Construction business owners provided easier path to deducting rental loses by utilizing real estate professional election

November 25, 2020

Taxpayers with rental activities have incentive to qualify as a real estate professional: if qualifications are met, rental losses that would typically be trapped can be used to offset other business income. However, strict rules exist to qualify and achieving this designation has proved difficult for many. Fortunately, taxpayers in the construction trade may be able to use their real property construction hours to meet the minimum hour requirement. HK partner and construction practice team member, Stephanie Mettille, provides an overview on what this method offers and the elements needed to qualify.

Rental losses and passive income
Recent law changes allow property owners to accelerate a significant amount of depreciation for building repairs, as well as furniture and fixture costs. This depreciation often results in rental activities generating losses for tax purposes. However, real estate rental losses are, by nature, passive, and under the tax law, passive losses can only be used to offset passive income. Passive activities do not include the business you operate on a daily basis, but instead flow through income from businesses one does not spend a significant amount of time in. Therefore, real estate losses generally cannot be used to reduce tax on your primary business income but would instead carry forward until you either have passive income or sell the rental property. Many taxpayers have a hard time deducting these losses, however, business owners in the construction industry have an easier path to qualify as a real estate professional.

Real estate professional election and its two requirements
Election provides an opportunity to group all your real estate rental activities together as one activity and be treated as non-passive. To qualify as a real estate professional, you must meet two requirements:

  1. Must spend at least 750 hours in real property trades or businesses, and
  2. spend more than 50% of your time in real property trades or businesses.

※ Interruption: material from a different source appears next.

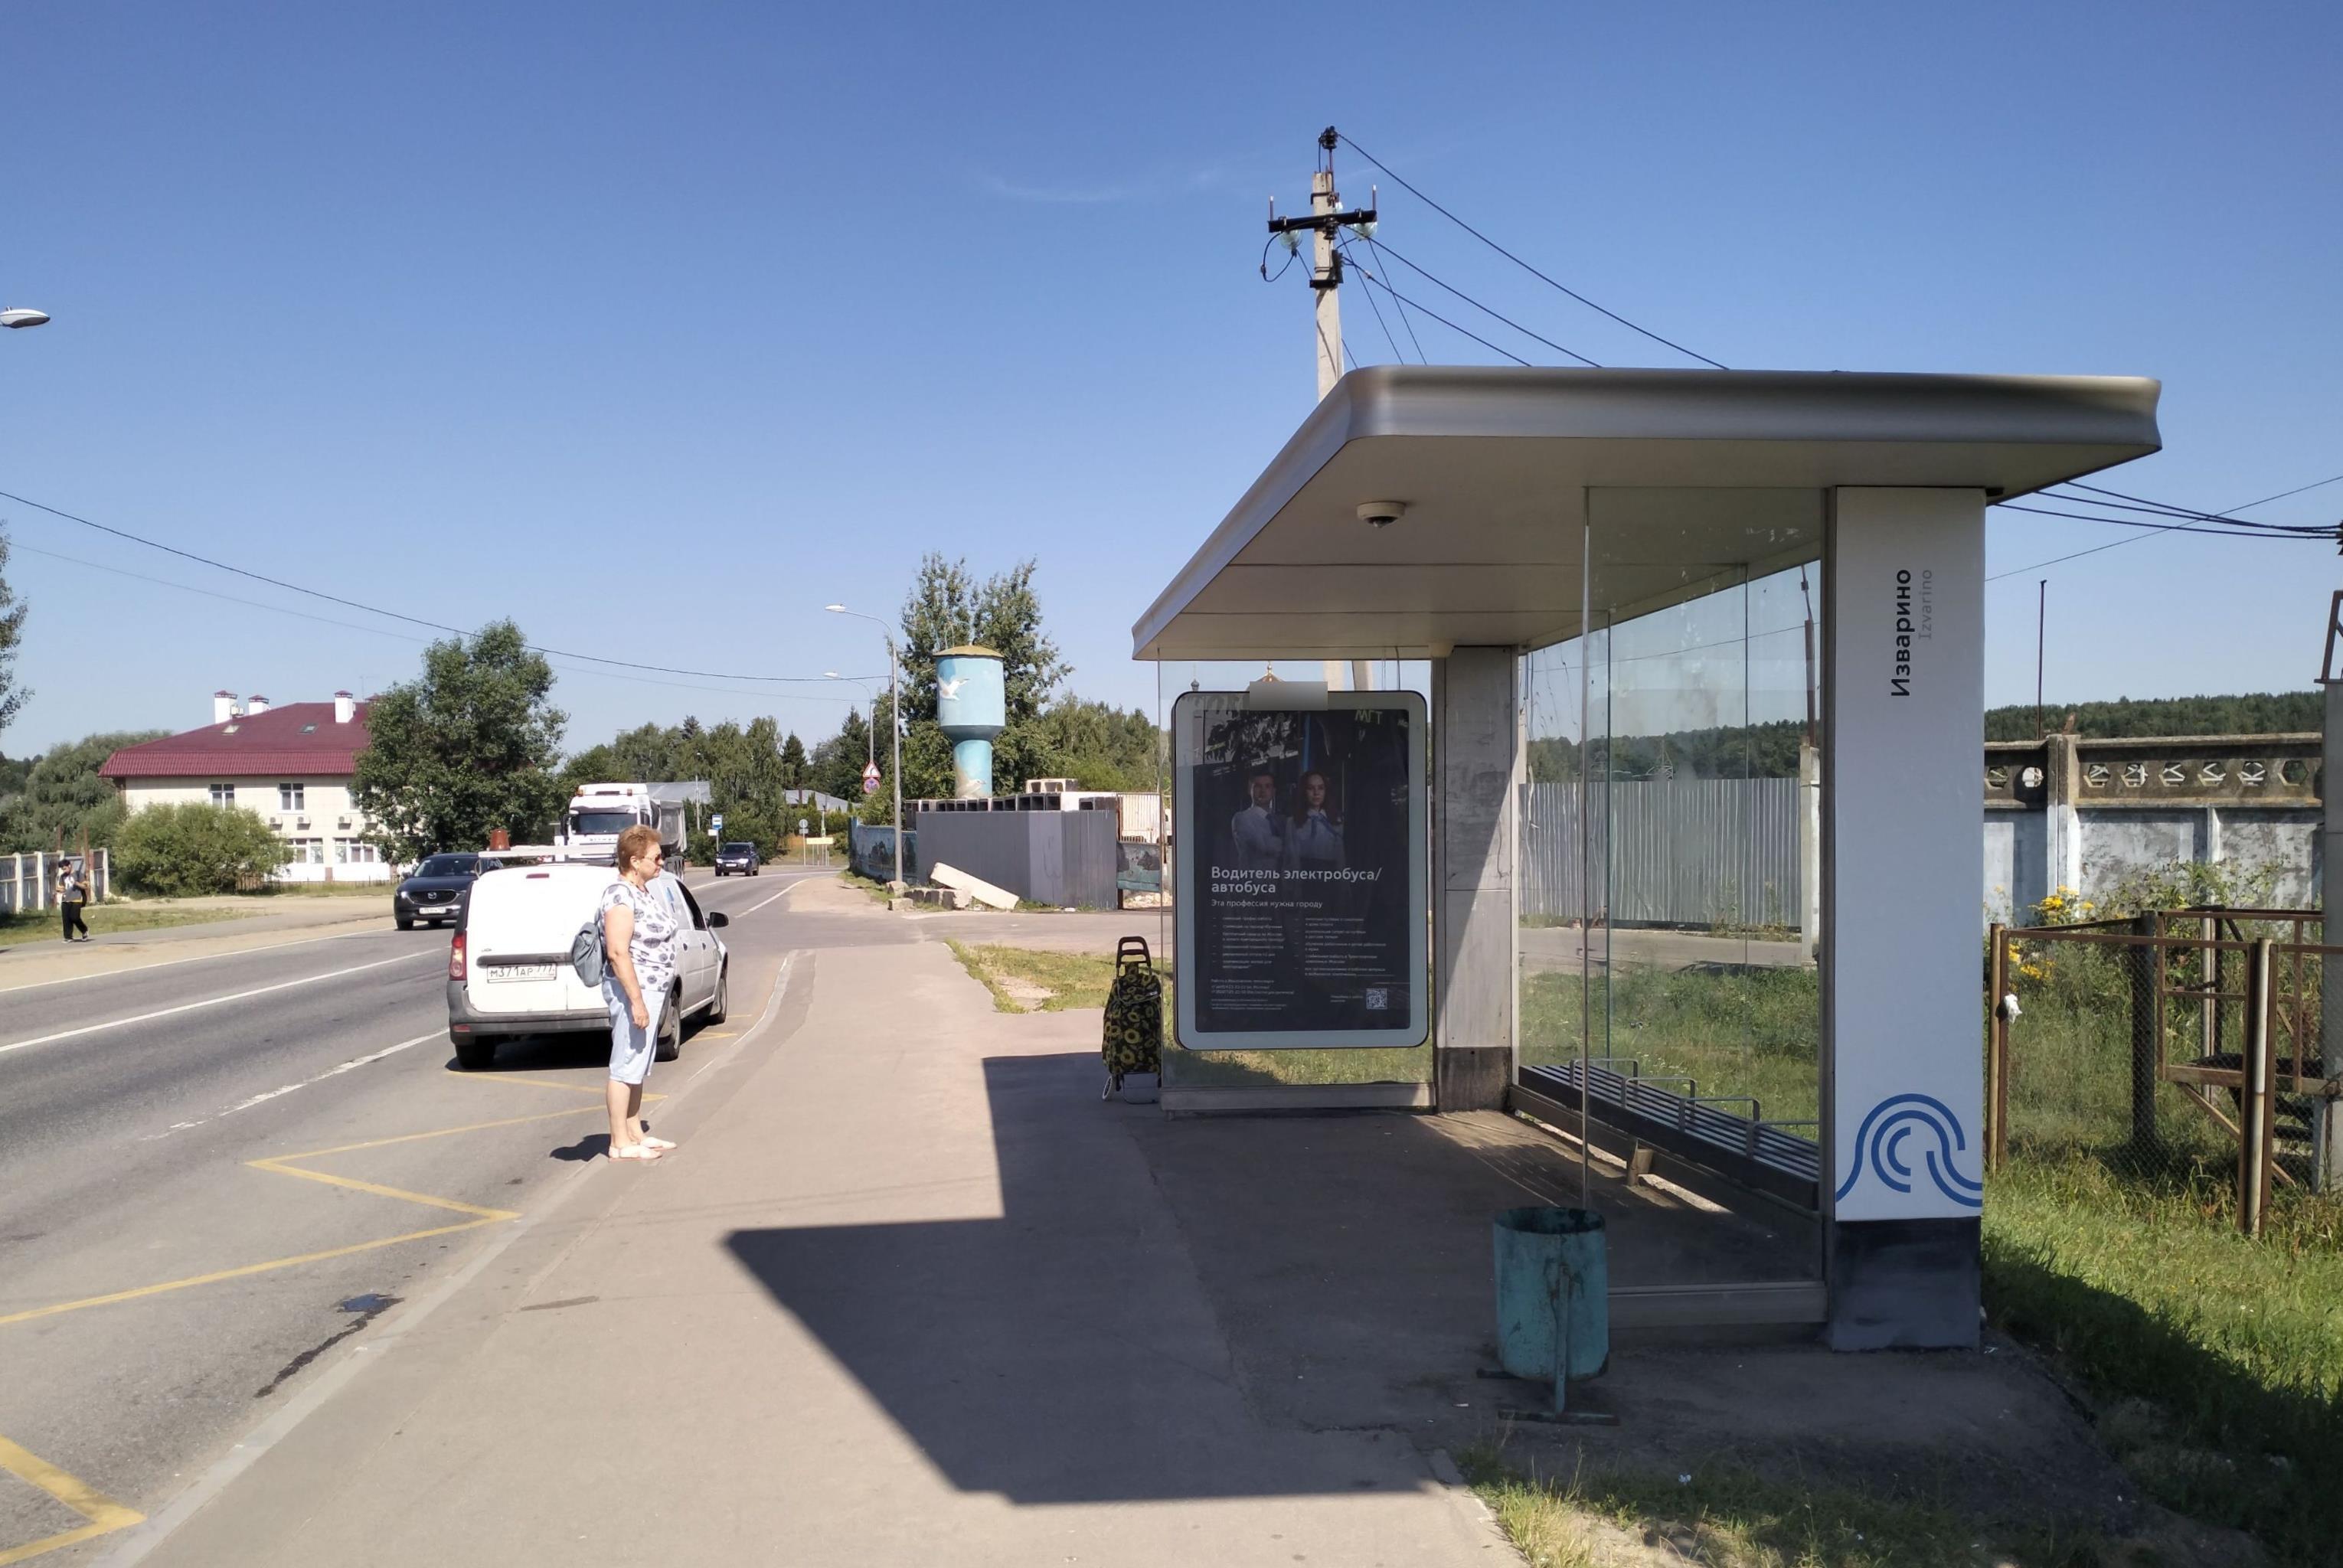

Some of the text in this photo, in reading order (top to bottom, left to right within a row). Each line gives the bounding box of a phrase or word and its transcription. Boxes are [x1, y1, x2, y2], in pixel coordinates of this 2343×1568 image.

One might look at these requirements and assume real property trade or business only includes time spent in the rental space, but that's not the case. Real property trade or business is defined as real property development, redevelopment, construction, reconstruction, acquisition, rental and management. That means a general contractor can use hours spent managing new construction jobs and hours spent in the rental activity to help meet the 750 hour requirement. This is also applicable to electrical and plumbing contractors and any other construction contractors as long as the time is spent in new construction or reconstruction rather than repair work. With these day-to-day business hours being counted, many contractors may often meet the hour requirement.

Material participation for your rental activities Once the 750 hour requirement is met to qualify as a real estate professional, you must meet the "material participation" test for those rental activities. Though there are several methods to meet material participation, owners generally look to one of two options:

  1. Either log 500 hours for the calendar year in rental activities, or
  2. log only 100 hours if no other employee spends more time than you in the activity within that year.

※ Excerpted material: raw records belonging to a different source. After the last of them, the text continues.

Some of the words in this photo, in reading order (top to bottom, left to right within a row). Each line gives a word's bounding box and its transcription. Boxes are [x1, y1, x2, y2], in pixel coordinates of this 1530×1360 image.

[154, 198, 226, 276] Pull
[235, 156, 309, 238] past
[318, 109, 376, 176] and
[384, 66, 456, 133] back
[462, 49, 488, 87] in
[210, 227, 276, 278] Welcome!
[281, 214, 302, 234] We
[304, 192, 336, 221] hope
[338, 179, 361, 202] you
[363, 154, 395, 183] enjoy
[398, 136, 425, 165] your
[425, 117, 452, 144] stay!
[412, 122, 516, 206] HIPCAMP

Activities may include negotiating leases, managing maintenance or other contracts and looking for prospective tenants. If both the professional and material participation hours are met, you've successfully reclassified all your rental activities to non-passive, allowing you to deduct any losses against your primary construction business.

Unique opportunity for construction business owners
With the right set of facts and proper planning, construction business owners can save a substantial amount of money in taxes by claiming real estate professional election. Utilizing cost segregation studies on large real estate projects allow for a significant amount of depreciation to be claimed in the first year the building is placed in service. These losses, which might otherwise be trapped, can now be used to reduce the business owner's overall tax burden and avoid dreaded loss carryovers. This unique opportunity should be on the radar of all construction business owners who also own rental properties and be explored at least once to discover potential beneficial outcomes.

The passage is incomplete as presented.